Es handelt sich dabei um mechanische Teile, wie Gaggenau sie bereits seit vielen Jahren für Fahrzeuge mit herkömmlichen Antriebssträngen fertigt. Aus ihnen entsteht das neuartige 4-Gang-Achsgetriebe, das insgesamt rund 30 verschiedene Bauteile enthält. Dazu gehören speziell entwickelte Getriebekomponenten wie Wellen, Zahnräder und Synchronteile sowie Gehäuseteile. Diese Komponenten liefert Gaggenau nach Kassel, wo die komplette Montage der Achs- und Getriebekomponenten stattfindet und somit die neu entwickelte, elektrisch angetriebene Hinterachse entsteht.

Darüber hinaus werden in Gaggenau Komponenten für die Fahrerhauskabine des eActros 600 gefertigt. Zum Umfang gehören dabei unter anderem Rohbaustrukturteile wie Rückwand, Dachrahmen, Stirnwand und Querträger sowie verschiedene Verstärkungen.
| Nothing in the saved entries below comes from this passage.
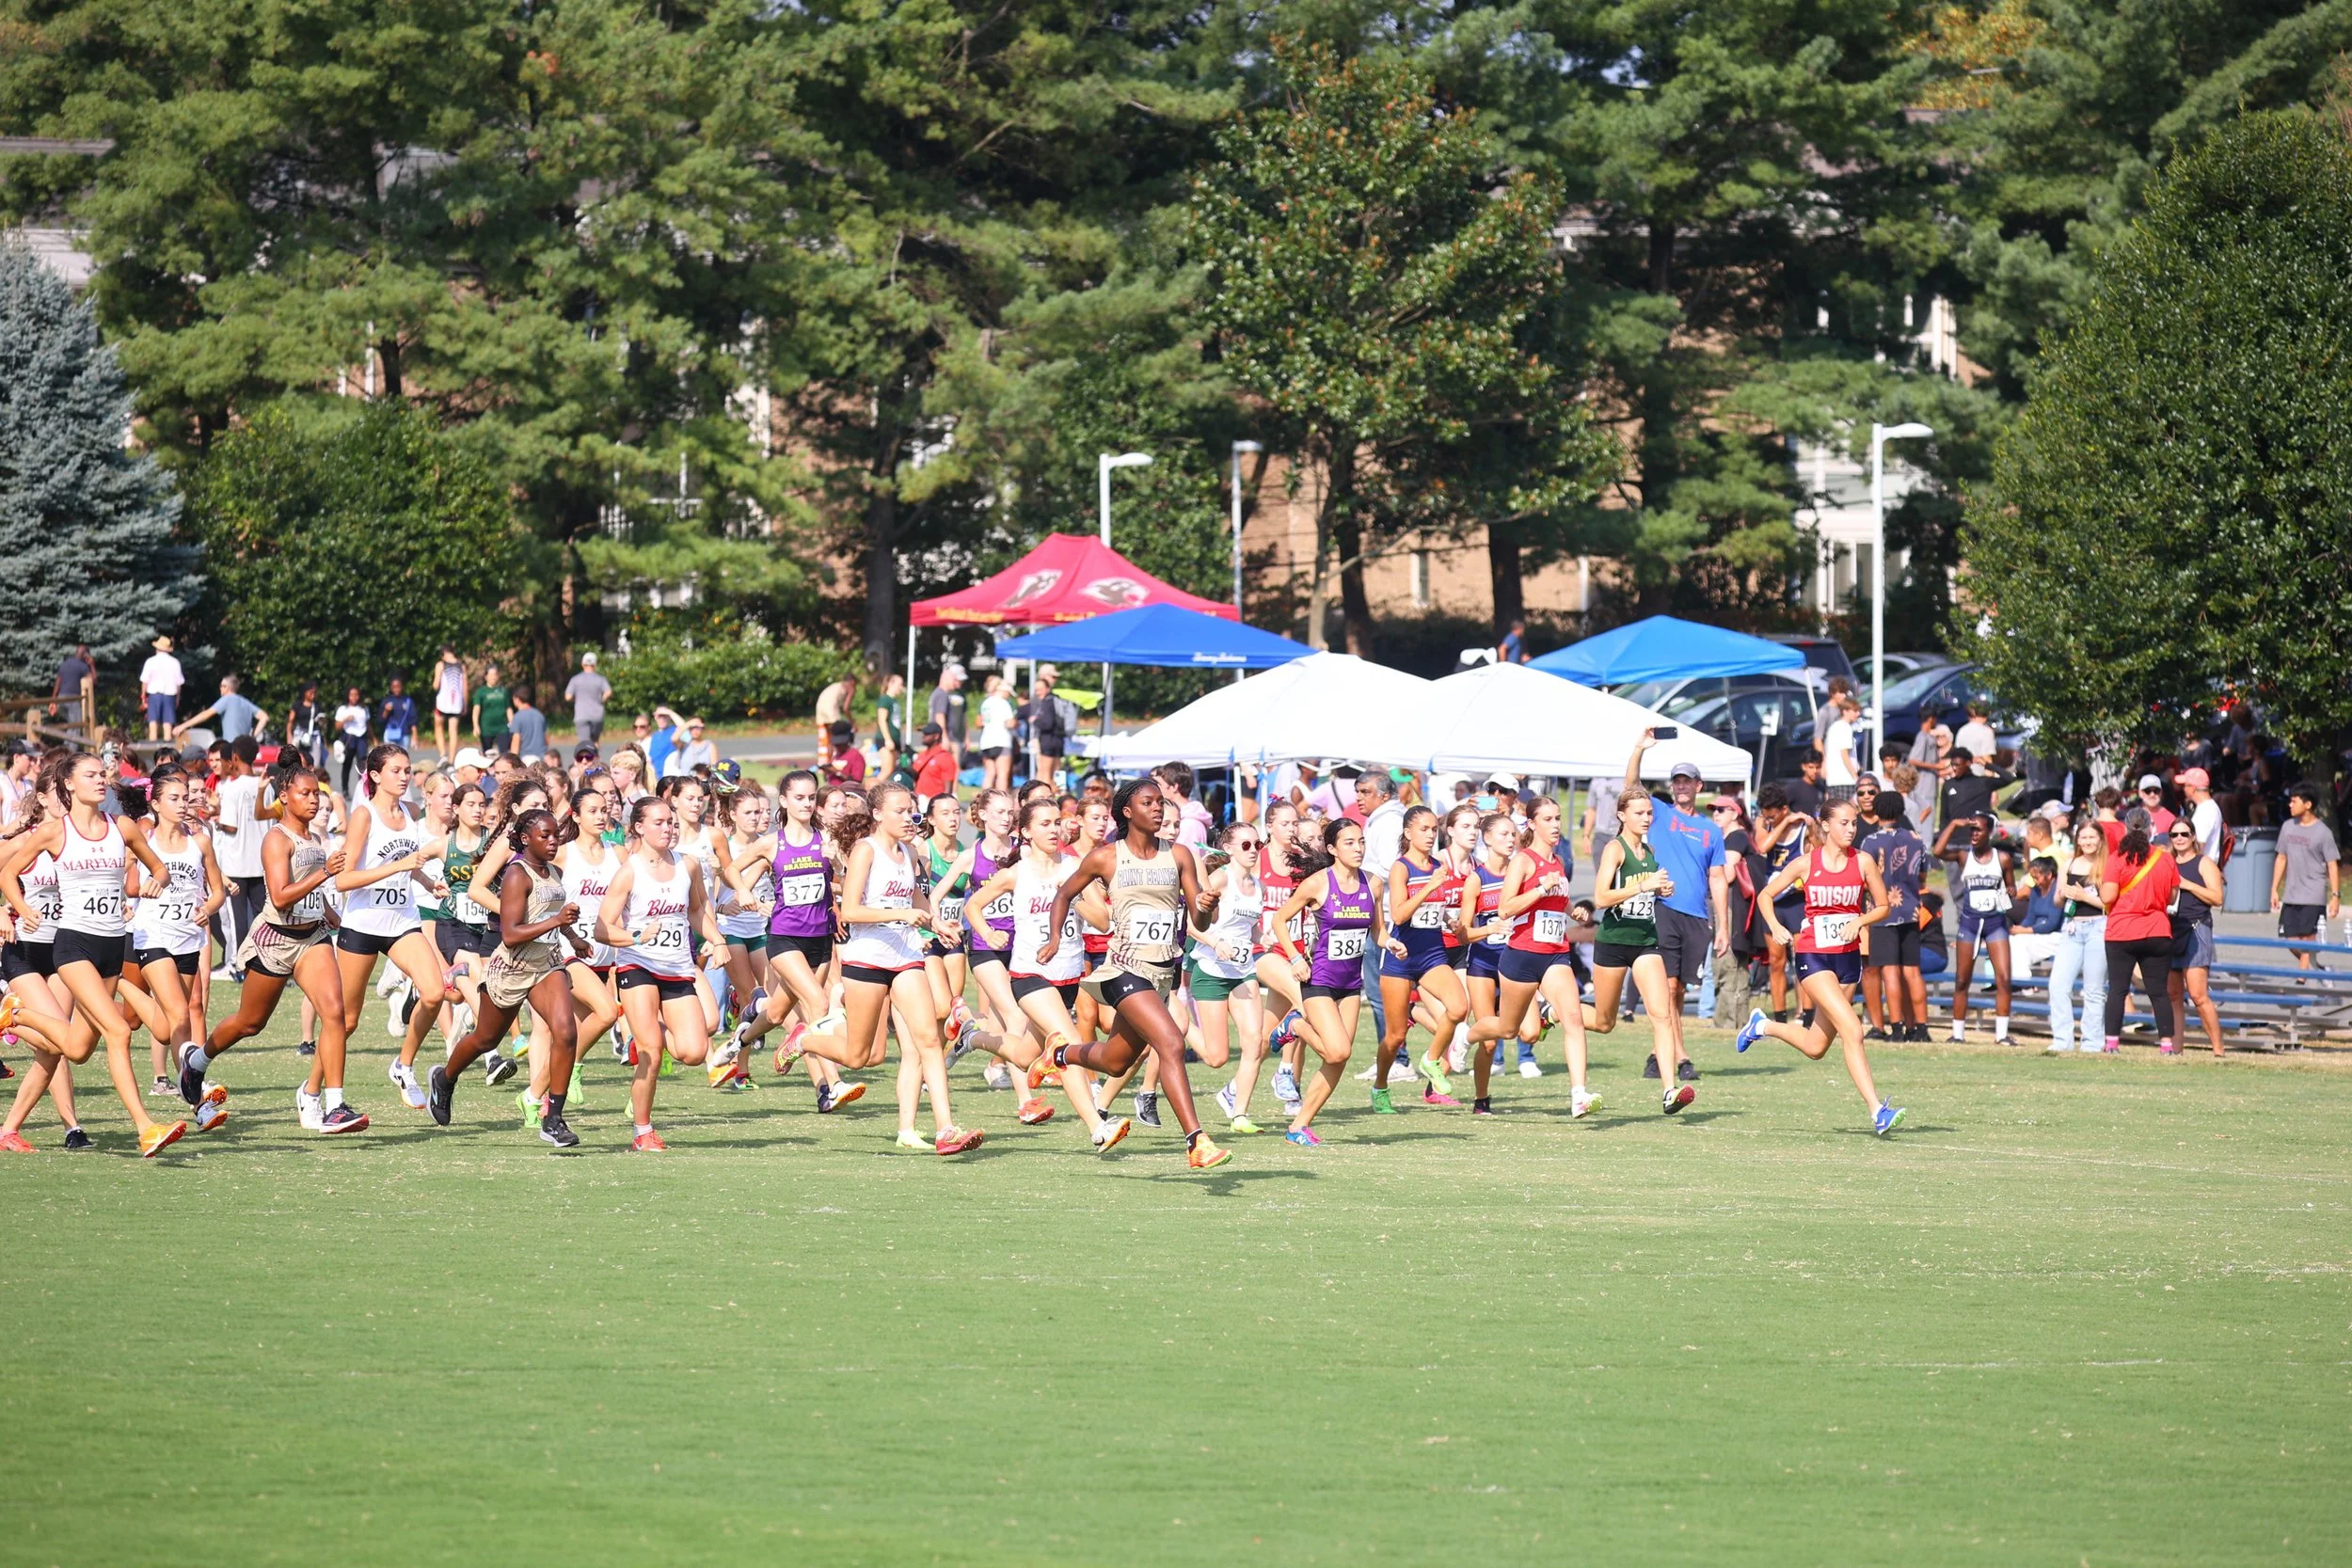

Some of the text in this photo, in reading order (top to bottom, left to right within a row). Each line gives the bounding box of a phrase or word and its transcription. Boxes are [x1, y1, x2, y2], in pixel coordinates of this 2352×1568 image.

[374, 888, 406, 905] 705
[788, 884, 822, 901] 377
[1808, 886, 1862, 907] EDISON
[83, 896, 119, 915] 467
[159, 903, 194, 921] 737
[647, 899, 686, 917] Blair
[1628, 901, 1654, 916] 123
[1420, 911, 1440, 927] 43
[1040, 920, 1074, 942] 56
[1136, 921, 1172, 942] 767
[1333, 939, 1362, 957] 381
Es handelt sich dabei um Gleichteile, die bereits beim konventionell angetriebenen Lkw zum Einsatz kommen. Die Rohbaukompetenz des Werkes „trägt“ somit die Außenhaut der neu gestalteten Fahrerhauskabine des neuen batterieelektrischen Fernverkehrs-Elektro-Lkw.

Für alle Elemente des elektrischen Antriebsstrangs bestehen hohe Anforderungen an Qualität, Lebensdauer und Bauraum, wie Daimler Truck in einer aktuellen Mitteilung hervorhebt. So lassen die geometrischen Vorgaben für Oberflächen und Rauheiten der Verzahnungen von Zahnrädern und Wellen beispielsweise nur sehr enge Toleranzen zu. Durch neueste und hochgenaue Fertigungstechnologien, wie zum Beispiel spezialisierte Verzahnungsschleifmaschinen, gelinge es, die geforderte Qualität zu gewährleisten.

Die mechanische Bearbeitung der Gehäuseteile findet im Werk Gaggenau in einer eigens dafür umgerüsteten Halle statt. Hier wurde eine neue Fertigungsanlage mit automatisierten Bearbeitungszentren errichtet. Bereits während der Beschaffungsphase konnte durch die virtuelle Inbetriebnahme dieser Anlagen die Bearbeitung an sogenannten digitalen Zwillingen simuliert werden. Durch dieses Verfahren ergebe sich eine enorme Zeitersparnis im Vergleich zu einem konventionellen Einrichtungsprozess von Fertigungsanlagen. Im Rahmen der mechanischen Bearbeitung wird unter anderem gebohrt und gefräst und es werden Gewinde geschnitten, bevor die Gehäuse anschließend eine Dichtheitsprüfung durchlaufen.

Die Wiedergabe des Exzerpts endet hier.